Effective January 1, 2013, Texas Medicaid will no longer cover barbiturates and benzodiazepines as part of the wraparound benefit for Medicaid clients who are also covered by a Medicare Part D plan (dual eligible). Pharmacies who submit claims for these drugs, for dual eligible clients, with a date of service on or after January 1, 2013, will be rejected (Error Code 41: “MEDICARERX covered drug class Call Medicare 1-800-633-4227”).
Facilitated Enrollment for Medicare-eligible Recipients
The point of sale Facilitated Enrollment process was designed to ensure that individuals with both Medicare and Medicaid, “dual eligibles,” who are not yet enrolled in a Part D prescription drug plan are still able to obtain immediate prescription drug coverage when evidence of Medicare and Medicaid eligibility is presented at the pharmacy.
The Facilitated Enrollment process permits a full-benefit, dual-eligible individual who presents a prescription at the pharmacy, and who the pharmacist discovers has not yet been auto-enrolled in a plan, to obtain a prescription at the subsidized co-payment amount before leaving the pharmacy and to be rapidly enrolled into a Medicare prescription drug plan (PDP) with a fully subsidized premium.
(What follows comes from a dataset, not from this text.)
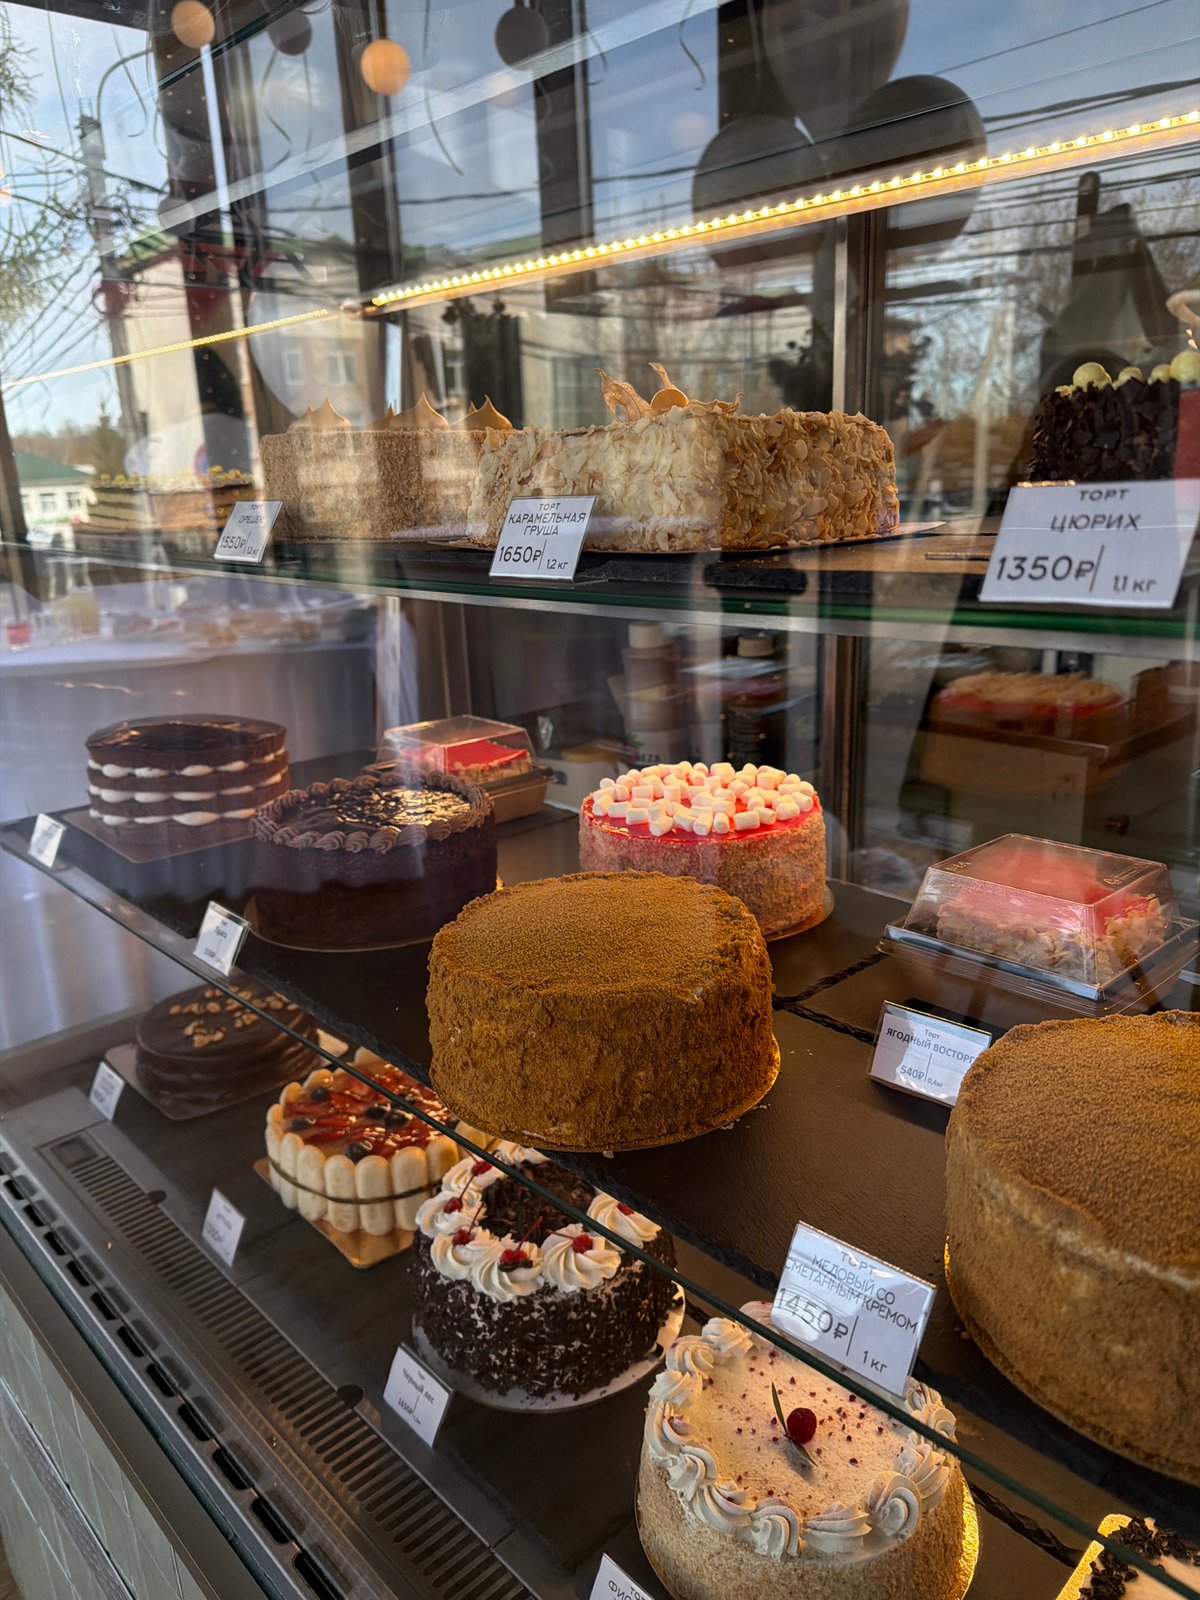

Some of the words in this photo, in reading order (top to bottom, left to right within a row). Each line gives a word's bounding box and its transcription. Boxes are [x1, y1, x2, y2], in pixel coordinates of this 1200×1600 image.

Pharmacies can help ensure the success of the program by utilizing the Eligibility Verification Transaction (E1) when a potential dual-eligible member presents a claim to the pharmacy. This Medicare transaction to Relay Health will help identify those members who are already enrolled in a PDP.
Additional information regarding the Facilitated Enrollment program can be found at the Centers for Medicare and Medicaid Services' website.
Medicaid no longer pays for clients opting out of Medicare Part D
Individuals who are eligible for both Medicare and Medicaid ("dual eligible") are automatically enrolled in a Medicare Part D prescription drug plan. Some dual eligible individuals may choose to disenroll, or "opt out," from Medicare Part D. This means the individual has disenrolled from Medicare Part D, not just the Part D plan.
Vendor Drug receives information about individuals who are eligible for Medicare Part D, but not enrolled in a Part D Plan. Medicaid will no longer be liable for the client's prescription drug coverage if the individual opts out of enrolling in a Part D Plan.
Vendor Drug returns a message on paid claims for recipients who will soon become eligible for Medicare Part D. This message will be returned several months prior to the recipient's Medicare coverage effective date to alert the pharmacy that Medicare will become liable for the recipient's prescription drug coverage. The message will be returned in "Additional Message Information" (Field 526-FQ) and read "Part D liable for this client's Rxs no later than XX/XX/XXXX".
Please advise the recipient that Medicaid will no longer pay for prescriptions for Part D covered drugs as of the date included in the message. The recipient will need to choose a Medicare Part D plan by that date in order for their prescription benefits to continue as Medicaid will only be responsible for the Part D excluded drugs.